> **Problem requirements**: This exercise calls for the data below to be retyped exactly, minus any images.

> **Entries shown**:
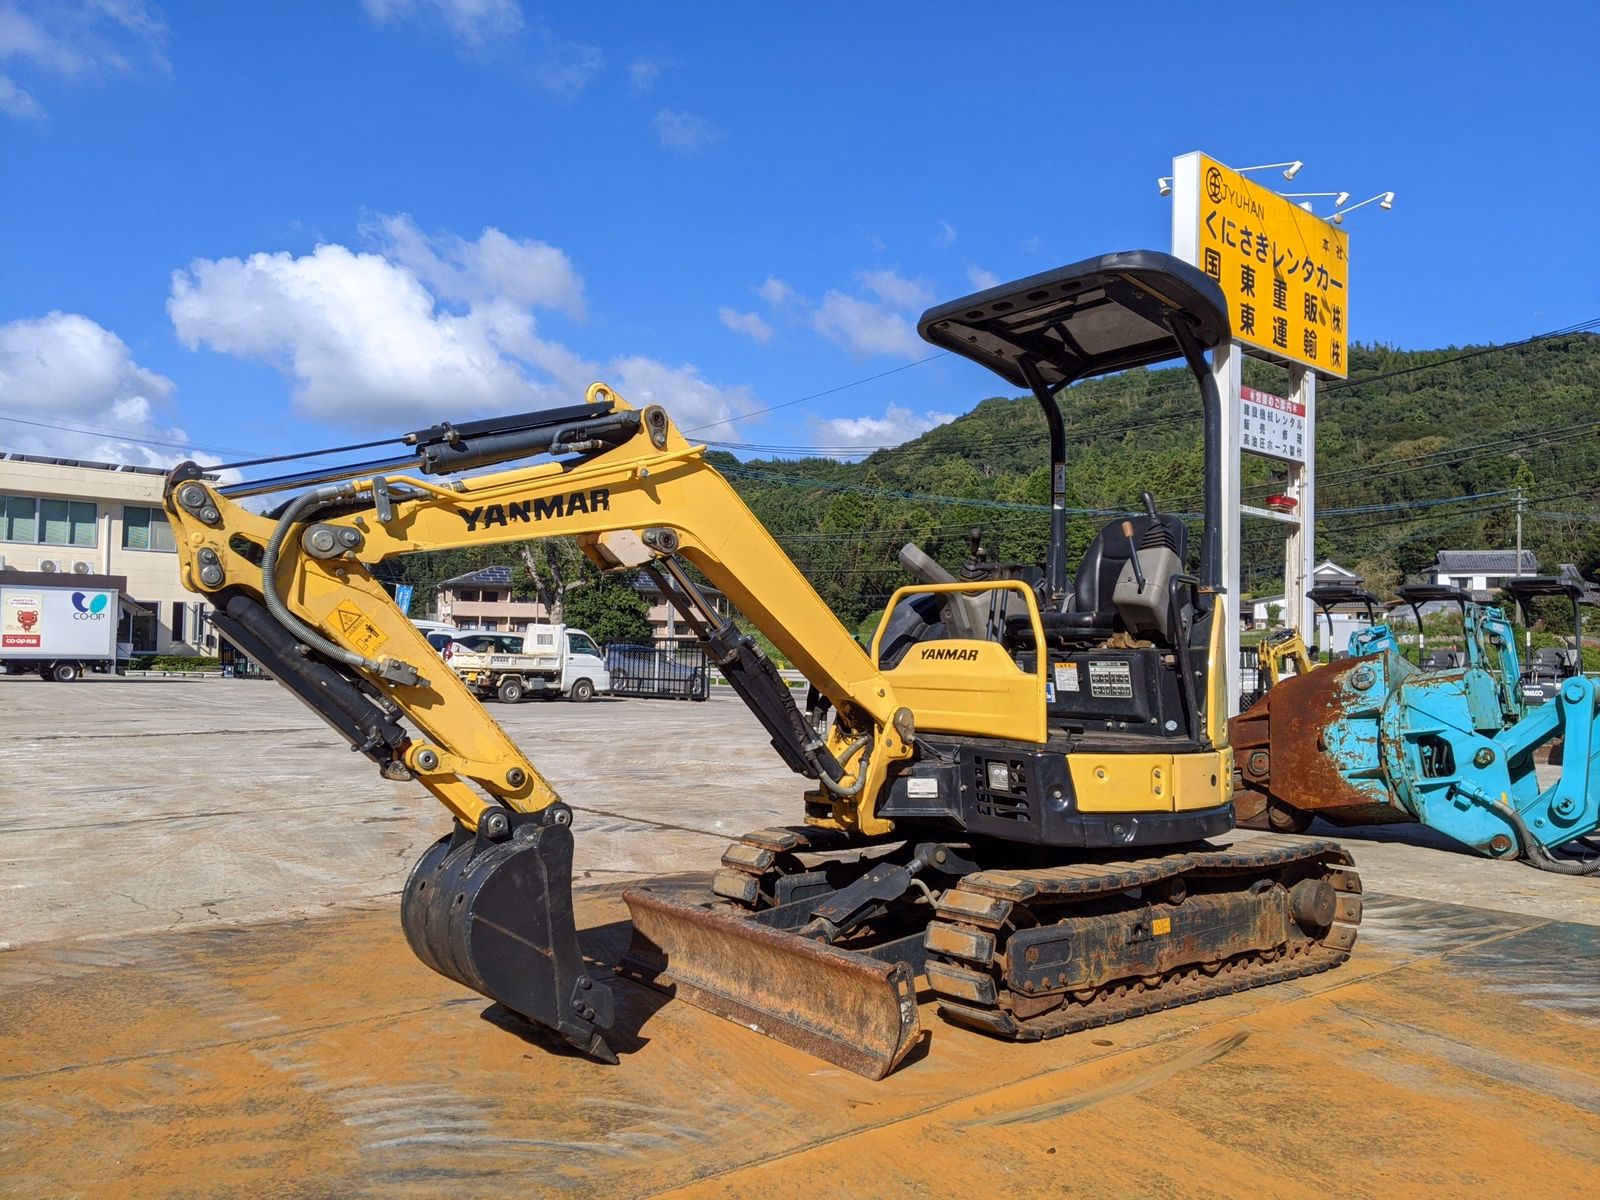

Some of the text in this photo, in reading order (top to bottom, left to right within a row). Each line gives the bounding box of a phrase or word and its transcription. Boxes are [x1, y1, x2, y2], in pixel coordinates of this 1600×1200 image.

[1220, 183, 1265, 221] JYUHAN
[1205, 210, 1343, 291] くにさきレンタカー
[1321, 237, 1344, 260] 本社
[1240, 302, 1343, 368] 東運輸(株)
[1244, 403, 1302, 430] 建設機械レンタル
[457, 488, 611, 531] YANMAR
[920, 648, 979, 661] YANMAR

> **Result**:
Some of the text in this photo, in reading order (top to bottom, left to right within a row). Each line gives the bounding box of a phrase or word and its transcription. Boxes are [x1, y1, x2, y2], in pixel coordinates of this 1600×1200 image.

[1220, 183, 1265, 221] JYUHAN
[1205, 210, 1343, 291] くにさきレンタカー
[1321, 237, 1344, 260] 本社
[1240, 302, 1343, 368] 東運輸(株)
[1244, 403, 1302, 430] 建設機械レンタル
[457, 488, 611, 531] YANMAR
[920, 648, 979, 661] YANMAR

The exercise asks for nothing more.